Future goals and use cases

  • Considering the types of learning apps we hope to develop, what sorts of queries can we expect on the data?
    • Perhaps ask the PIs for some general example queries, e.g. "I want to know the mostly highly rated resource that conforms to state standard X (or equivalent standard)"
    • What are some strategies for answering these queries?
  • Consider concrete example as a case study.

Proposed directions

  • Consider concrete example of meeting a new goal as a case study to illustrate how the approach works. For example...

Discussion

Road map and guiding principles

Stuff to put somewhere

In its immediate future (and by future, that means past), the NDR in Edupak is adopting simple Fedora 3.2 support. In essence, this entails adopting minimal Fedora API and format changes required to store the NSDL model in Fedora 3.2 objects. The work for this is finished except for distributing the release formally and converting migrating our current production installation.

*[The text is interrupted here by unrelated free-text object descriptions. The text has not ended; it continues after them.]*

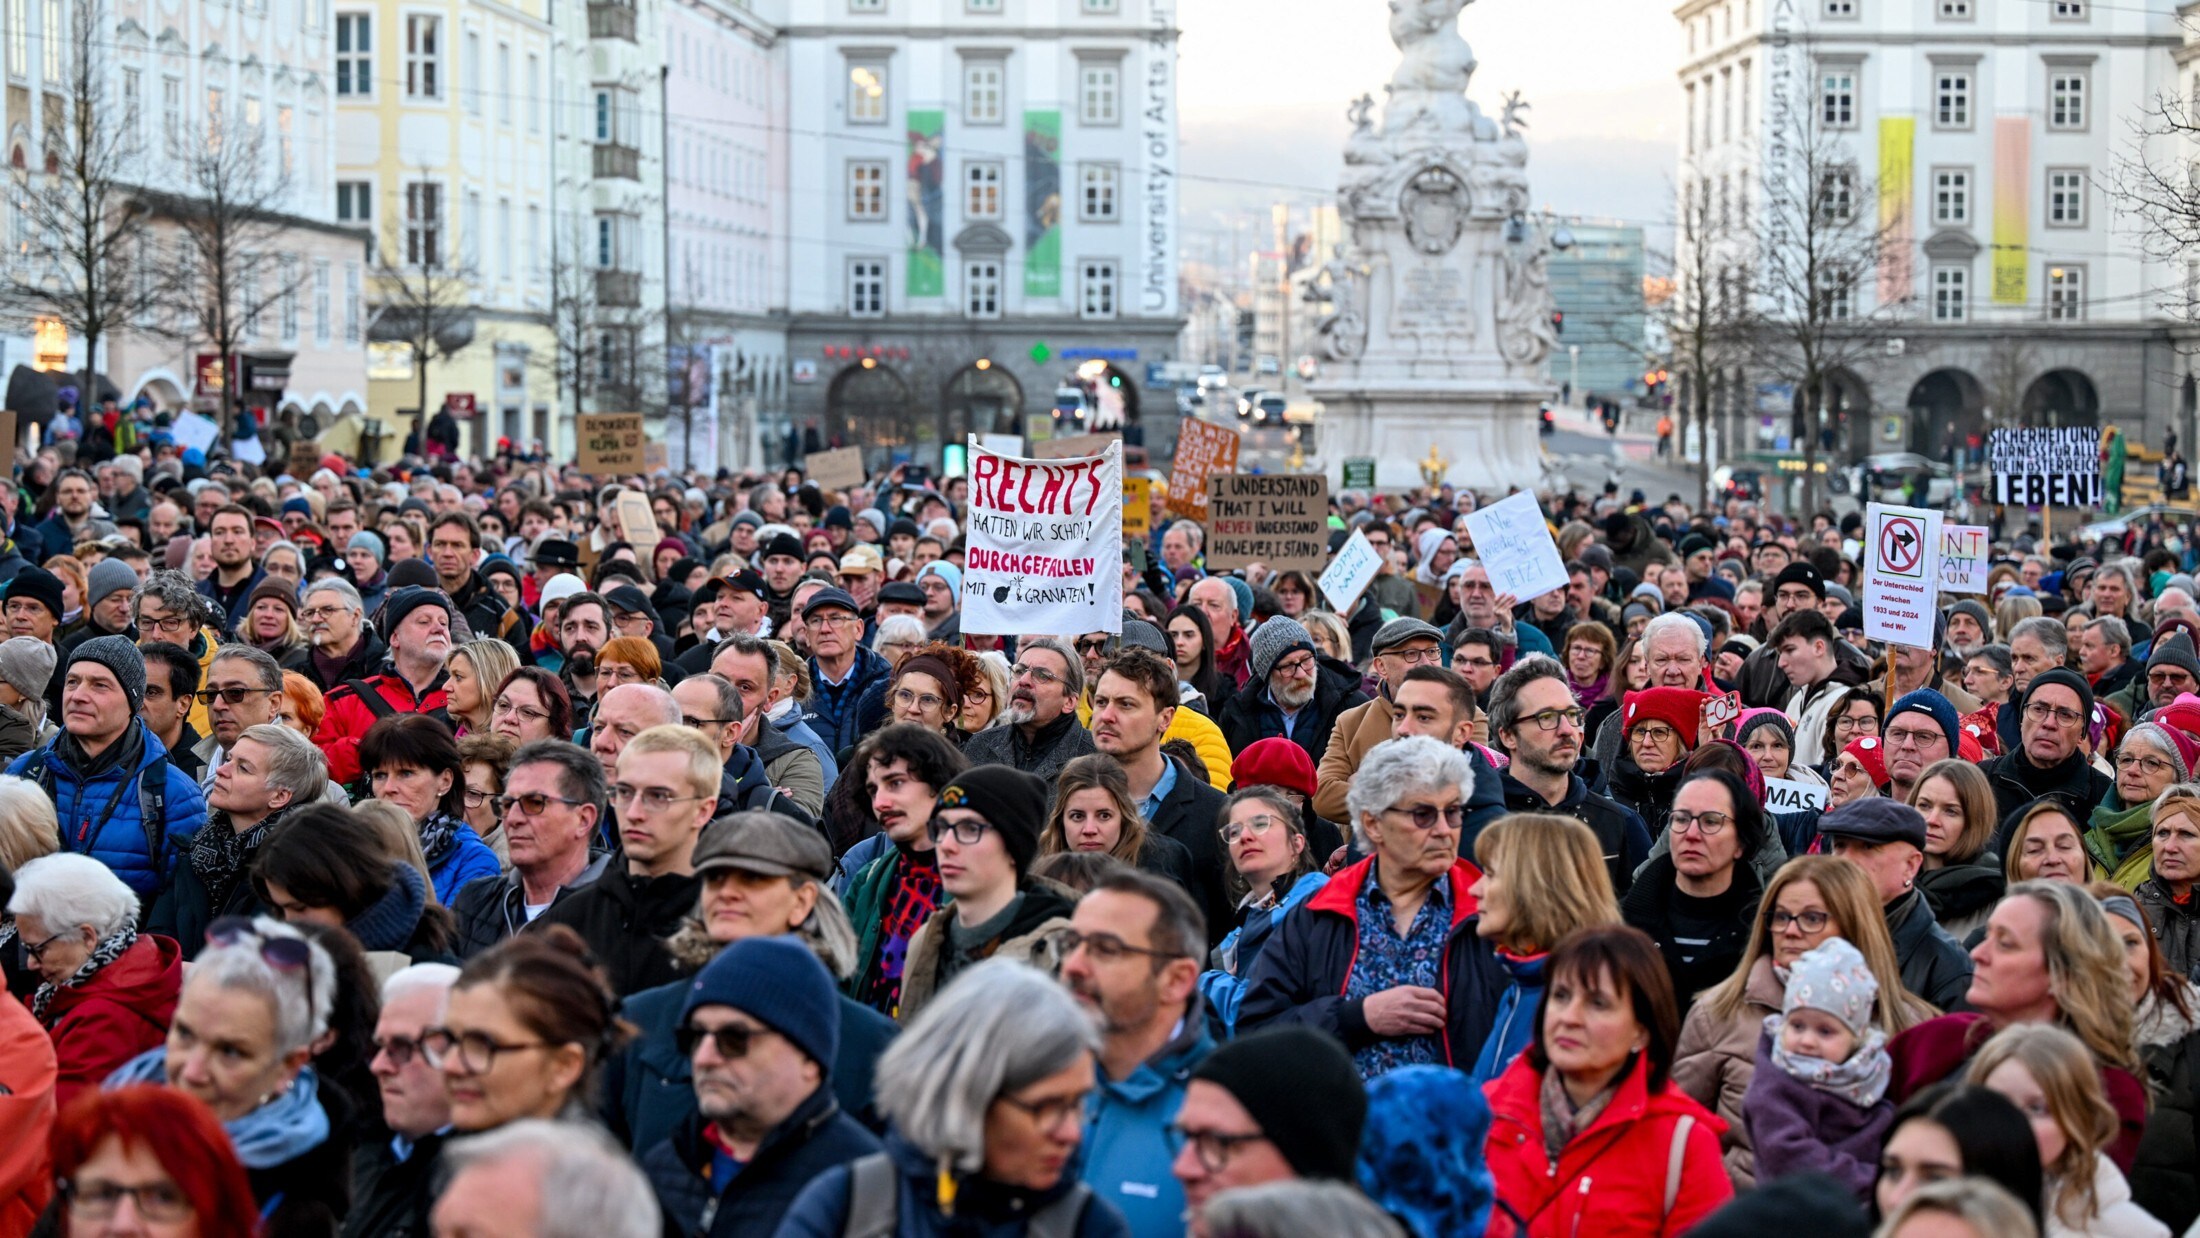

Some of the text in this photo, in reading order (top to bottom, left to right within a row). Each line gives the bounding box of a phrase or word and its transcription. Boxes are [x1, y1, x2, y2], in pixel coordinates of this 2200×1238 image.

[1145, 60, 1168, 124] Arts
[1146, 130, 1167, 158] of
[1144, 165, 1172, 312] University
[1990, 427, 2100, 443] SICHERHEIT UND
[1991, 443, 2046, 457] FAIRNESS
[2073, 443, 2099, 457] ALLE
[1991, 459, 2010, 472] DIE
[2012, 460, 2024, 472] IN
[975, 455, 1104, 516] RECHTS
[1214, 477, 1319, 497] I UNDERSTAND
[1991, 474, 2100, 505] LEBEN!
[1212, 500, 1306, 517] THAT I WILL
[972, 512, 1018, 538] HATTEN
[1023, 520, 1045, 541] WIR
[1214, 520, 1319, 535] NEVER UNDERSTAND
[1284, 541, 1319, 557] STAND
[1482, 534, 1520, 558] wieder
[968, 546, 1095, 578] DURCHGEFALLEN
[1322, 539, 1358, 593] STOPPT
[1500, 556, 1543, 590] JETZT
[965, 581, 987, 596] MIT
[1872, 578, 1924, 592] Der Unterschied
[1881, 595, 1911, 604] zwischen
[1873, 606, 1887, 614] 1933
[1902, 611, 1919, 619] 2024
[1881, 621, 1907, 631] sind Wir

The next logical step in the evolution of the NDR is to take advantage of its wonderful Content Model Architecture (CMA). This has been discussed before, and referred to as "phase 2" of the ndr + Fedora 3 roadmap.

However, at this point it makes sense to take a step back and consider the current lessons from NDR developers, and future directions for EduPak as a whole. While evolving the NDR's use of Fedora's CMA makes sense on paper, we need to make sure that any improvements make sense in an evolving architecture that is moving away from the union catalogue paradigm and towards supporting ad-hoc learning applications.